Data shown:
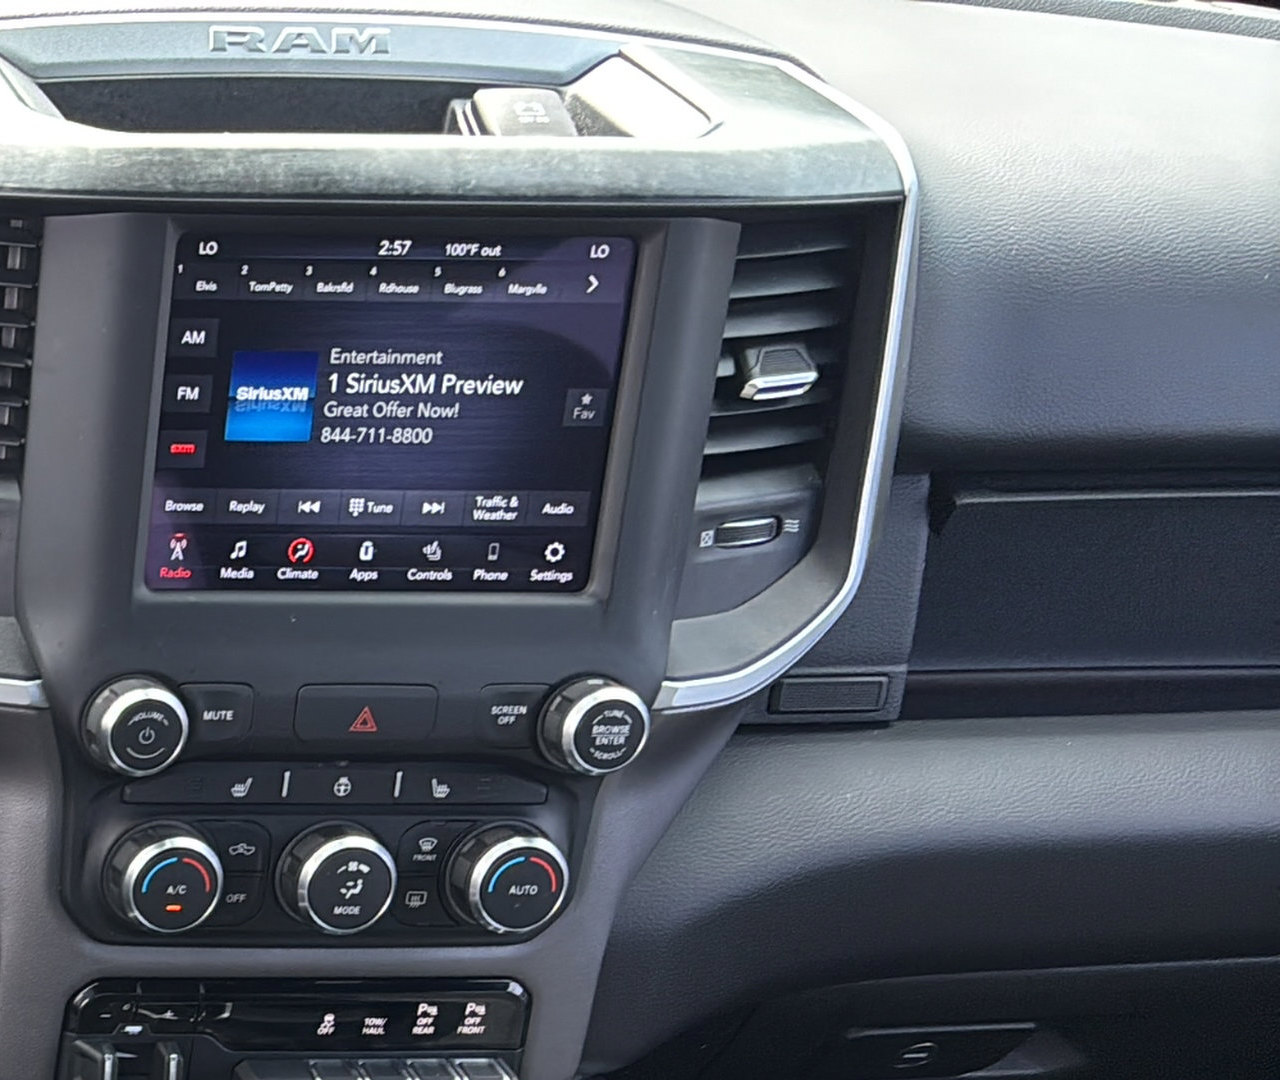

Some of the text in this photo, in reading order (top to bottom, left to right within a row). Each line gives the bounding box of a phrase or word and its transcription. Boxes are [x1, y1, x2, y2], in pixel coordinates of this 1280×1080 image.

[208, 25, 391, 54] RAM
[198, 241, 218, 255] LO
[378, 240, 412, 256] 2:57
[481, 245, 502, 256] out
[591, 244, 609, 258] LO
[178, 264, 183, 274] 1
[241, 265, 249, 275] 2
[305, 265, 313, 276] 3
[370, 266, 377, 276] 4
[434, 266, 441, 277] 5
[498, 267, 506, 277] 6
[196, 281, 217, 291] Elvis
[249, 281, 294, 294] TomPetty
[181, 330, 206, 344] AM
[330, 348, 443, 365] Entertainment
[328, 373, 524, 395] 1 SiriusXM Preview
[177, 386, 199, 400] FM
[236, 386, 309, 401] SiriusXM
[324, 401, 460, 418] Great Offer Now!
[573, 408, 596, 420] Fav
[321, 427, 433, 444] 844-711-8800
[165, 500, 204, 512] Browse
[229, 500, 265, 514] Replay
[476, 496, 519, 508] Traffic &
[367, 502, 393, 514] Tune
[542, 503, 574, 515] Audio
[473, 509, 518, 521] Weather
[159, 567, 191, 578] Radio
[220, 568, 254, 579] Media
[277, 568, 319, 580] Climate
[349, 569, 378, 582] Apps
[407, 568, 452, 581] Controls
[473, 569, 508, 581] Phone
[530, 569, 573, 583] Settings
[203, 710, 234, 720] MUTE
[491, 705, 527, 715] SCREEN
[498, 715, 516, 725] OFF
[592, 724, 631, 734] BROWSE
[595, 736, 625, 745] ENTER
[413, 853, 436, 861] FRONT
[166, 885, 187, 894] A/C
[508, 885, 538, 896] AUTO
[226, 893, 247, 902] OFF
[333, 905, 361, 915] MODE
[417, 1017, 434, 1025] OFF
[464, 1017, 482, 1025] OFF
[317, 1026, 335, 1035] OFF
[362, 1027, 385, 1035] HAUL
[412, 1026, 434, 1034] REAR
[457, 1026, 486, 1034] FRONT
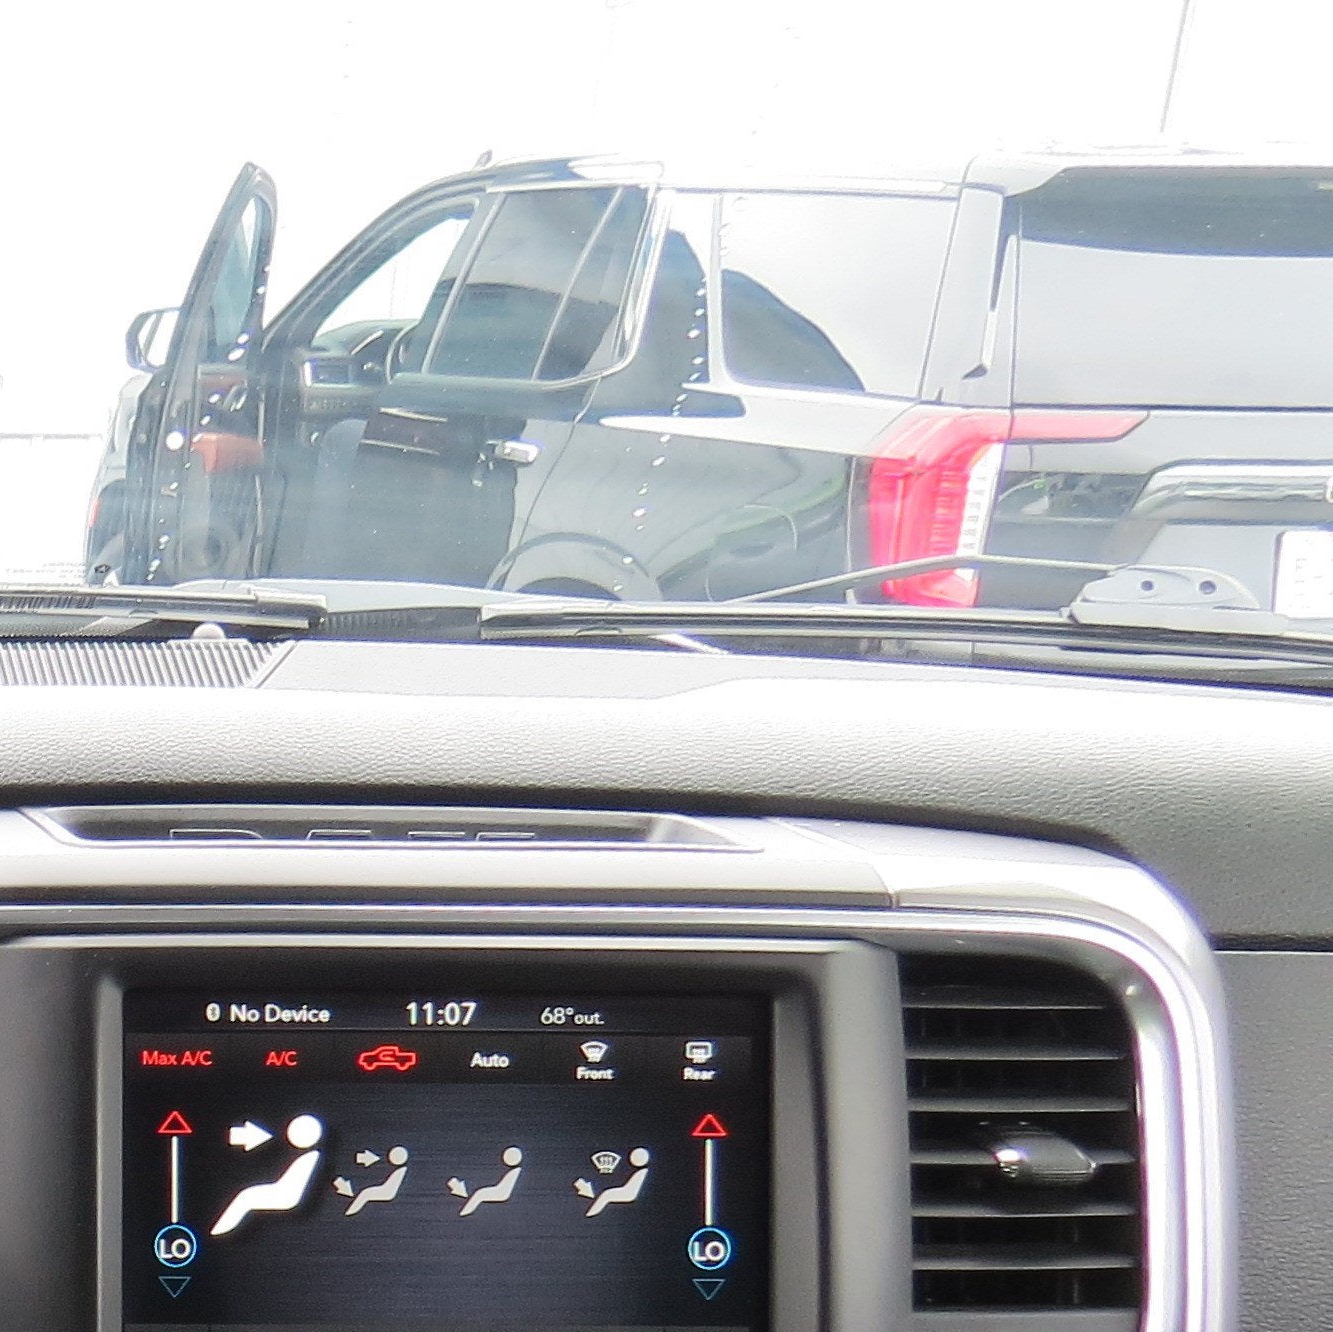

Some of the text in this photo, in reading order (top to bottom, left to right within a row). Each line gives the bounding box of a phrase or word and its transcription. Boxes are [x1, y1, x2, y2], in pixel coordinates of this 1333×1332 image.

[231, 1004, 330, 1023] No Device
[406, 1003, 476, 1026] 11:07
[143, 1051, 212, 1067] Max A/C
[267, 1051, 297, 1067] A/C
[470, 1053, 508, 1068] Auto
[576, 1067, 613, 1080] Front
[684, 1067, 715, 1080] Rear
[160, 1240, 190, 1259] LO
[694, 1241, 724, 1260] LO
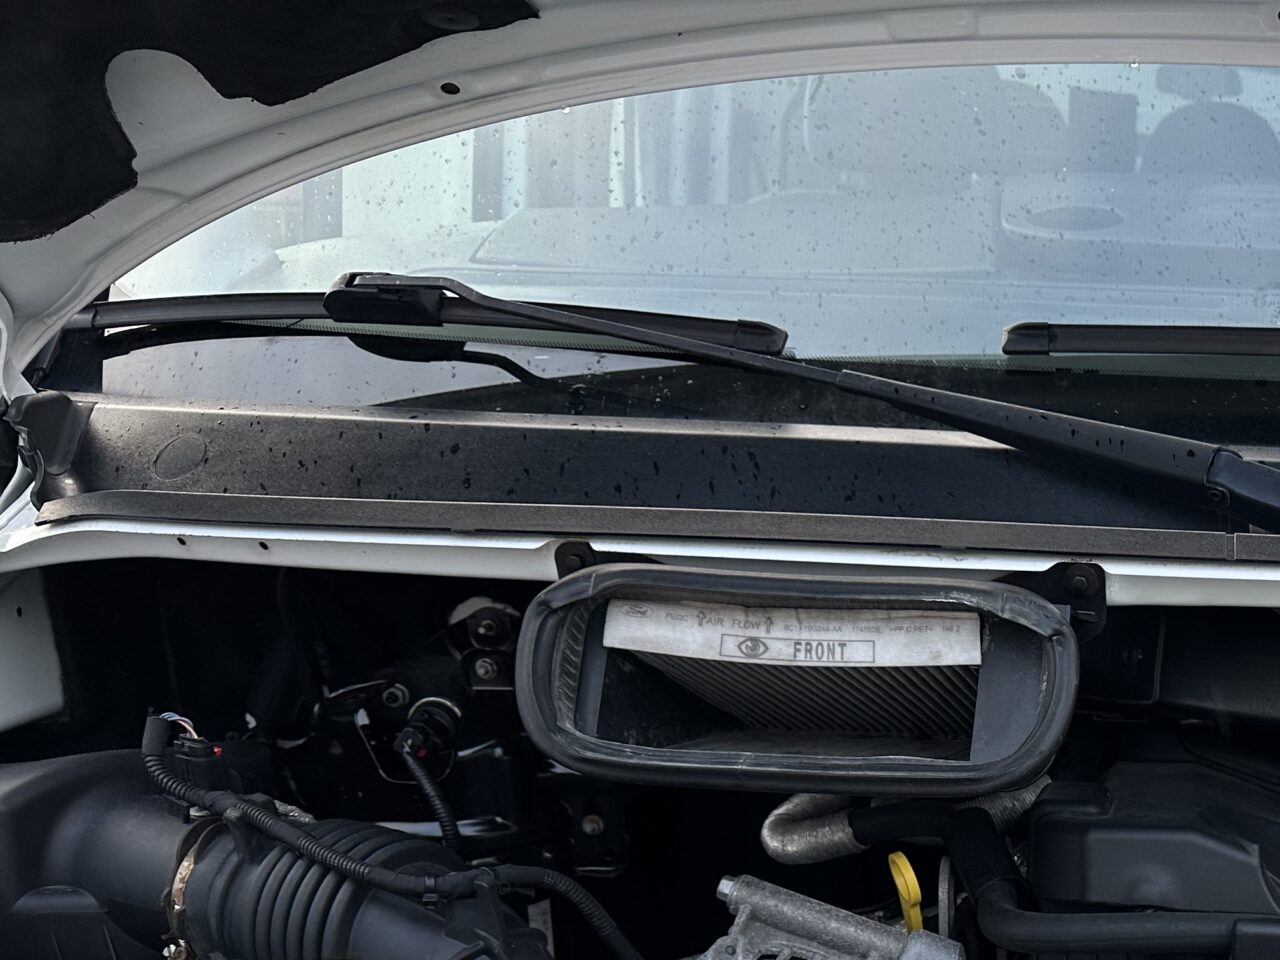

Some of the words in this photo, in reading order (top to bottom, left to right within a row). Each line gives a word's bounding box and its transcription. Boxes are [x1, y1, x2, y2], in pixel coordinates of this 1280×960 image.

[706, 617, 724, 627] AIR
[731, 620, 762, 630] FLOW
[793, 641, 847, 661] FRONT

Task objective: Minus its pictures, the full listing should be copied verbatim.

Expected answer:
Some of the text in this photo, in reading order (top to bottom, left to right within a row). Each line gives the bounding box of a phrase or word and its transcription. Boxes are [x1, y1, x2, y2], in pixel coordinates of this 1280×1080 image.

[208, 25, 391, 54] RAM
[198, 241, 218, 255] LO
[378, 240, 412, 256] 2:57
[481, 245, 502, 256] out
[591, 244, 609, 258] LO
[178, 264, 183, 274] 1
[241, 265, 249, 275] 2
[305, 265, 313, 276] 3
[370, 266, 377, 276] 4
[434, 266, 441, 277] 5
[498, 267, 506, 277] 6
[196, 281, 217, 291] Elvis
[249, 281, 294, 294] TomPetty
[181, 330, 206, 344] AM
[330, 348, 443, 365] Entertainment
[328, 373, 524, 395] 1 SiriusXM Preview
[177, 386, 199, 400] FM
[236, 386, 309, 401] SiriusXM
[324, 401, 460, 418] Great Offer Now!
[573, 408, 596, 420] Fav
[321, 427, 433, 444] 844-711-8800
[165, 500, 204, 512] Browse
[229, 500, 265, 514] Replay
[476, 496, 519, 508] Traffic &
[367, 502, 393, 514] Tune
[542, 503, 574, 515] Audio
[473, 509, 518, 521] Weather
[159, 567, 191, 578] Radio
[220, 568, 254, 579] Media
[277, 568, 319, 580] Climate
[349, 569, 378, 582] Apps
[407, 568, 452, 581] Controls
[473, 569, 508, 581] Phone
[530, 569, 573, 583] Settings
[203, 710, 234, 720] MUTE
[491, 705, 527, 715] SCREEN
[498, 715, 516, 725] OFF
[592, 724, 631, 734] BROWSE
[595, 736, 625, 745] ENTER
[413, 853, 436, 861] FRONT
[166, 885, 187, 894] A/C
[508, 885, 538, 896] AUTO
[226, 893, 247, 902] OFF
[333, 905, 361, 915] MODE
[417, 1017, 434, 1025] OFF
[464, 1017, 482, 1025] OFF
[317, 1026, 335, 1035] OFF
[362, 1027, 385, 1035] HAUL
[412, 1026, 434, 1034] REAR
[457, 1026, 486, 1034] FRONT

Some of the text in this photo, in reading order (top to bottom, left to right within a row). Each line gives the bounding box of a phrase or word and its transcription. Boxes are [x1, y1, x2, y2], in pixel coordinates of this 1333×1332 image.

[231, 1004, 330, 1023] No Device
[406, 1003, 476, 1026] 11:07
[143, 1051, 212, 1067] Max A/C
[267, 1051, 297, 1067] A/C
[470, 1053, 508, 1068] Auto
[576, 1067, 613, 1080] Front
[684, 1067, 715, 1080] Rear
[160, 1240, 190, 1259] LO
[694, 1241, 724, 1260] LO

Some of the words in this photo, in reading order (top to bottom, left to right within a row). Each line gives a word's bounding box and its transcription. Boxes are [x1, y1, x2, y2], in pixel coordinates of this 1280×960 image.

[706, 617, 724, 627] AIR
[731, 620, 762, 630] FLOW
[793, 641, 847, 661] FRONT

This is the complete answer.